§ **ACTION ITEM**:
All the data below goes into the copy word for word, but the pictures don't.
*** Opening RECORDS FOR PROCESSING ***
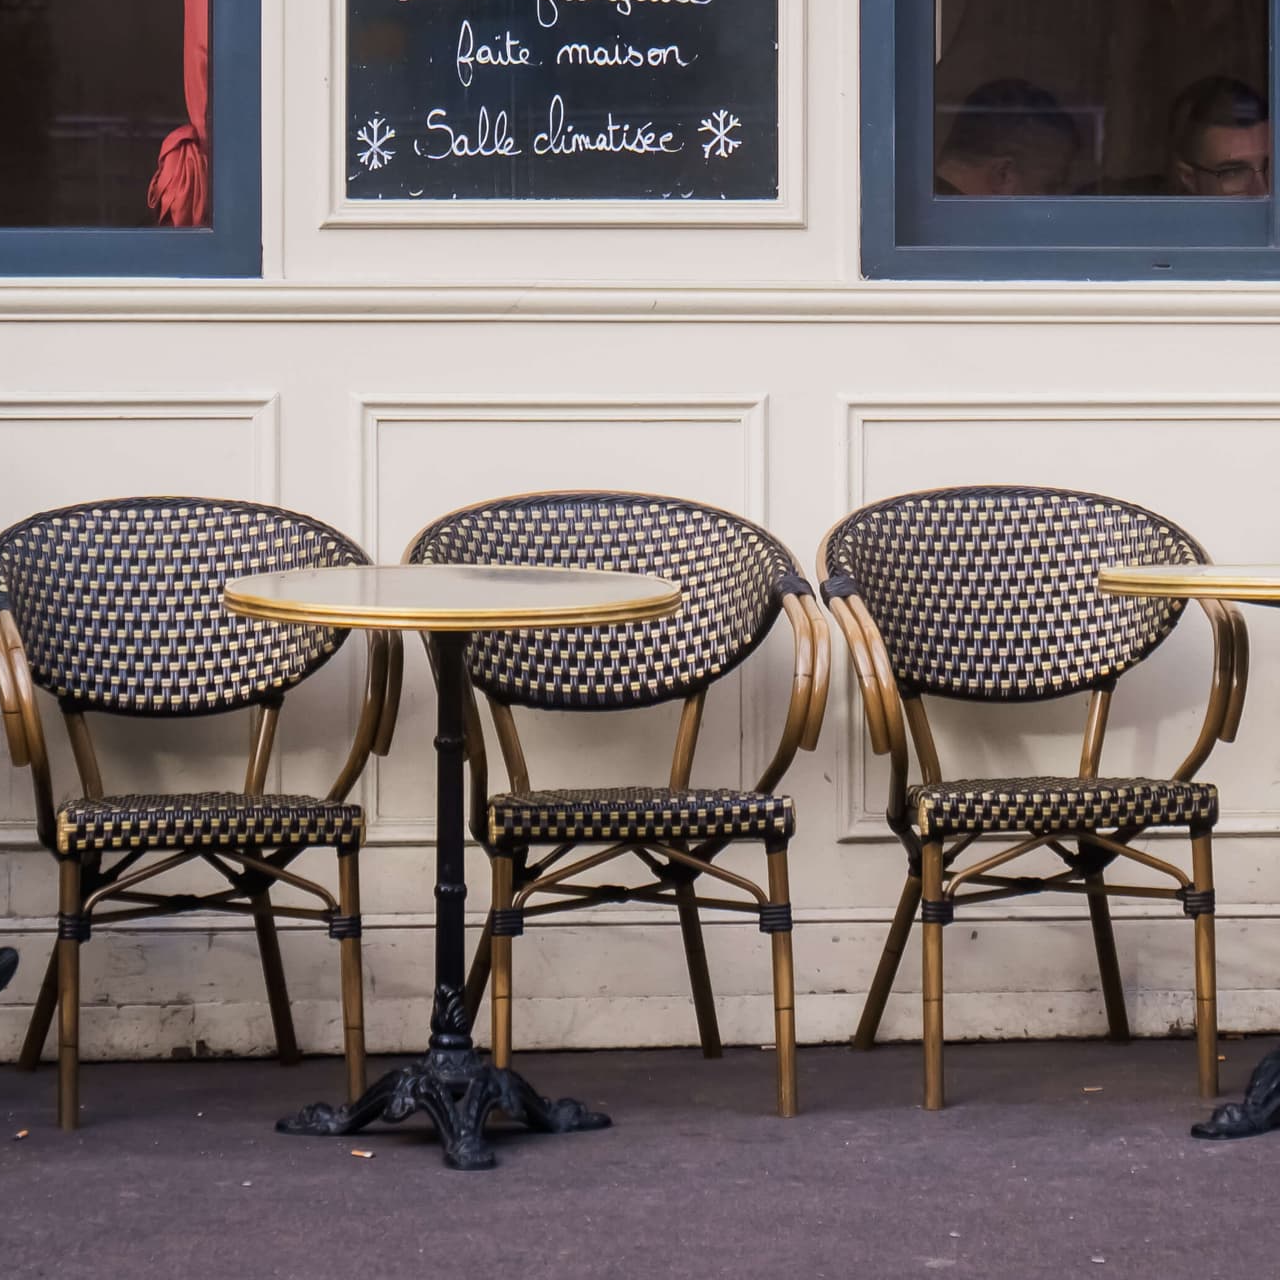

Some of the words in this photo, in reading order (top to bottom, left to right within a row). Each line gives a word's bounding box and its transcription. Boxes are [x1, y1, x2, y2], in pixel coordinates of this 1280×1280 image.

[456, 19, 543, 88] faite
[556, 35, 699, 68] maison
[413, 105, 523, 160] Salle
[533, 94, 686, 155] climatisée
*** Closing RECORDS FOR PROCESSING ***
§ **ANSWER SECTION**:
Some of the words in this photo, in reading order (top to bottom, left to right within a row). Each line gives a word's bounding box and its transcription. Boxes are [x1, y1, x2, y2], in pixel coordinates of this 1280×1280 image.

[456, 19, 543, 88] faite
[556, 35, 699, 68] maison
[413, 105, 523, 160] Salle
[533, 94, 686, 155] climatisée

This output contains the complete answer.